Jade plants can tolerate a variety of temperature ranges. This doesn’t mean you keep them in extreme conditions. They don’t appreciate extreme or sudden shifts in temperature.

If a jade plant is kept in an area where the temperature changes frequently, the leaves are likely to fall off.

Jade plants do not perform well in the winter months due to frost. They can survive low temperatures, but cold drafts and frost can give them a hard time. In addition, they may lose leaves as a sign of shock.


  • Do not move your jade plant from one place to another frequently.
  • Please keep them in an area with a temperature between 65°F-85°F.
  • Move them indoors during the winter month and keep them away from windows to prevent temperature shock.
  • Keep them away from vents, radiators, furnaces, etc. 
  • Keep them dry during winter as they can permanently get stressed if kept wet in cooler months for longer periods.
  • Move them to a ventilated area to make sure it gets good airflow.

Also read: Where to keep jade plants at home?

Older leaves falling off

Jade plant 5

It is natural for any plant to lose its older leaves as it grows and matures. 

The new growth will take place, and some old leaves will fall off. There is no need to worry if something like this happens with your jade plants.


Jade plants losing leaves does not always mean doom and gloom. They may be fine, and it might just be an old leaf that needs to fall off eventually.

It is typically the life cycle of a jade plant which is not something questionable. They naturally drop their older leaves as a process of aging.

These dropped leaves are replaced with new growth as the growing season progresses.

However, if they are dropping leaves abnormally, then you might consider checking on them to identify possible problems.


  • Let your plant be when the plant is losing leaves naturally.
  • Always keep a check on your plant to understand its typical leaf dropping rate.
  • Inspect them if you feel they are dropping excessively and take action accordingly.
  • Look for the possible reasons for the stress of your plant and fix it.

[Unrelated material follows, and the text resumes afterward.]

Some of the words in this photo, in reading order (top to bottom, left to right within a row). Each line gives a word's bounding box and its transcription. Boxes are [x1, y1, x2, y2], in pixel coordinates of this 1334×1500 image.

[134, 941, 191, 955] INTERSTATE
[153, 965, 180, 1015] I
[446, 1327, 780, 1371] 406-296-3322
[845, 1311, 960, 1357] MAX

Will jade plant leaves grow back?

Once the leaves fall off or turn yellow or brown, they will not get healthy again. However, your jade plant will produce fresh new leaves once it gets acclimated to the new environment.

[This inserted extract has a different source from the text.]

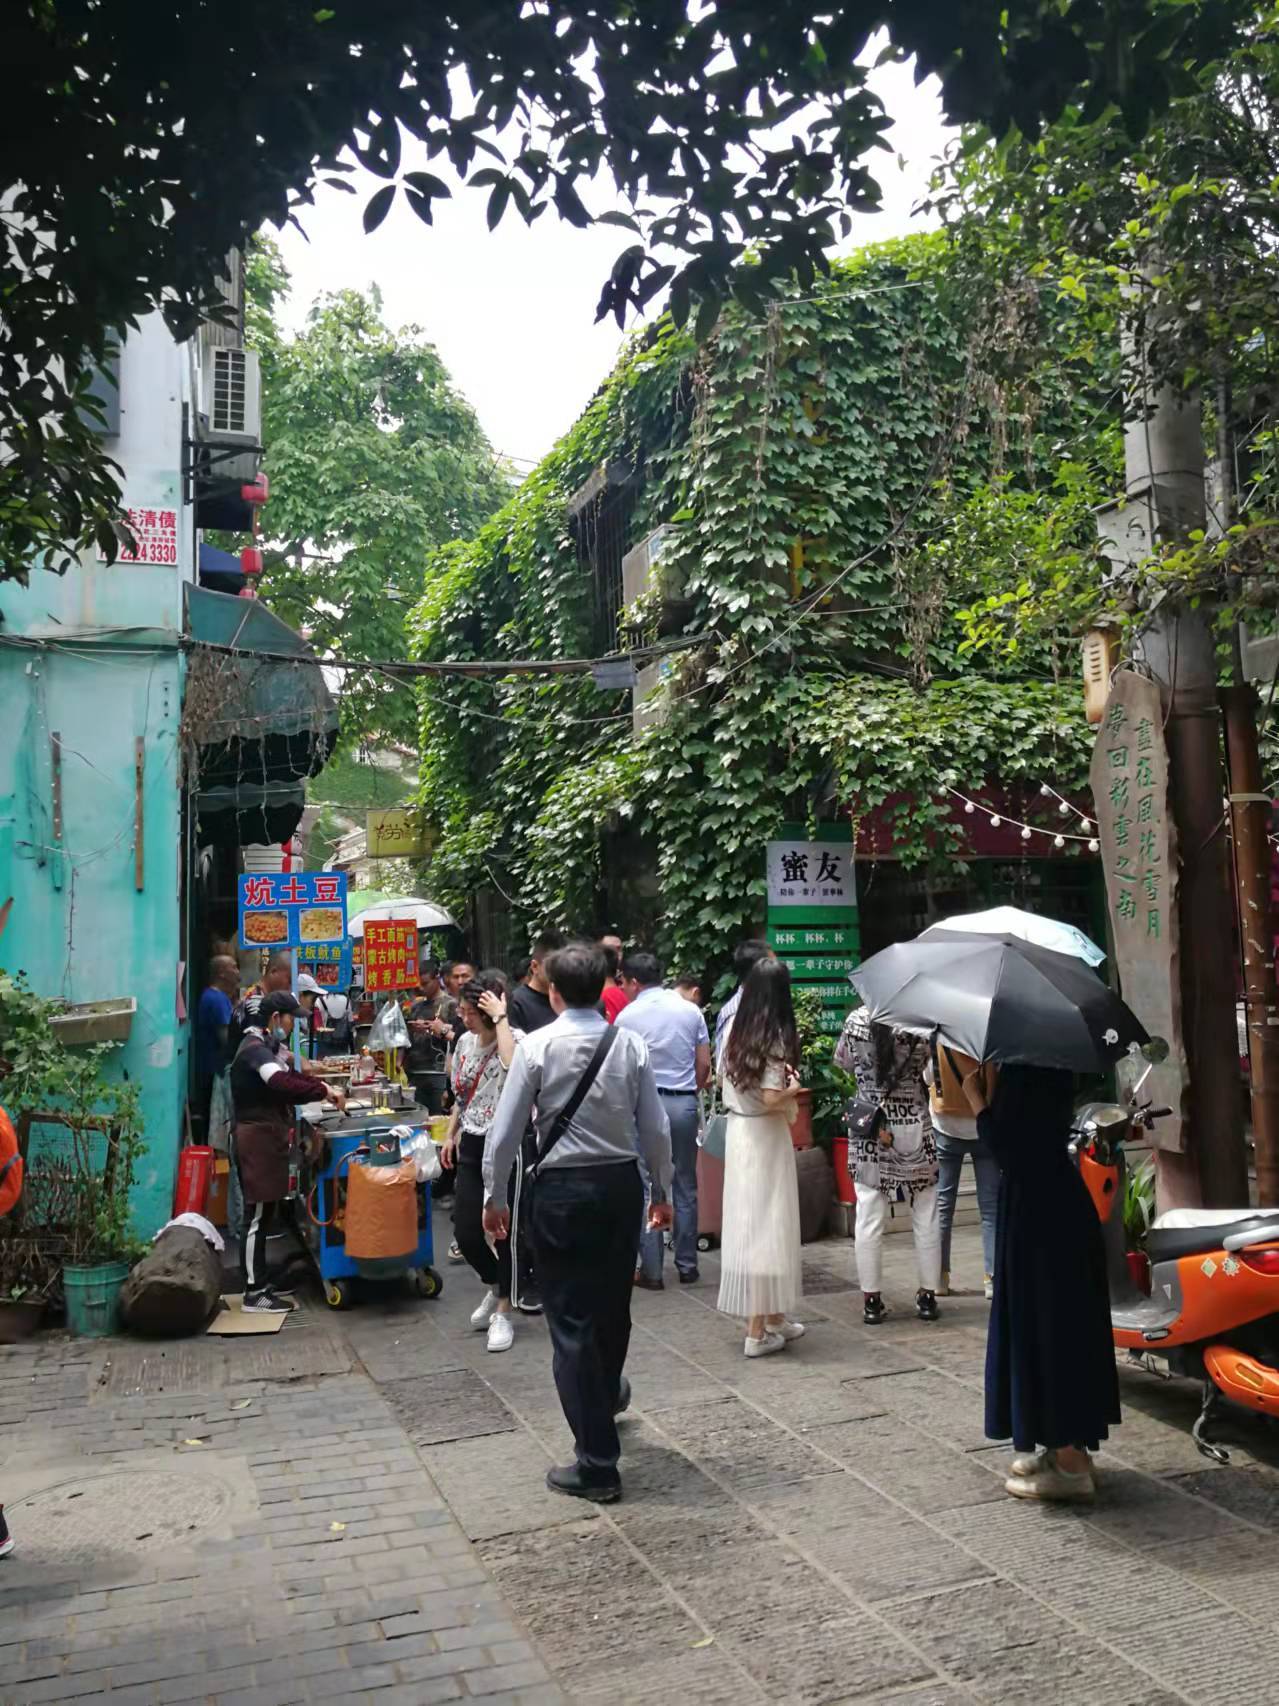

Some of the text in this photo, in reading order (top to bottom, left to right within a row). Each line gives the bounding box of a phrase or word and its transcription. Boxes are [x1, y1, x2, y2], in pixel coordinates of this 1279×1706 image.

[781, 850, 842, 884] 蜜友
[244, 876, 342, 907] 炕土豆
[366, 926, 405, 945] 手工面筋

You can do a few things to support the growth of new branches and leaves.

  1. Prune your jade plant during early spring. Prune up to 30% of the leaves. You can plan to prune in stages every week to avoid over-pruning.
  2. You can pinch back young stems using your forefinger to encourage branching and new leaf growth.
  3. Provide your plant with ample direct and indirect light in the right proportion as they need the energy to have new growth.
  4. Fertilizing in the early summer will also help to give them a boost of nutrients to support soil and roots to produce new leaves and stems.

Final words

Jade plants are sturdy and beautiful plants that are very rarely seen to be sinking due to issues.

All you need is to keep an eye on your jade plant and prevent them from extreme conditions.

Following the proper process, enjoying the process, and creating a prime living atmosphere for them is the best you can do.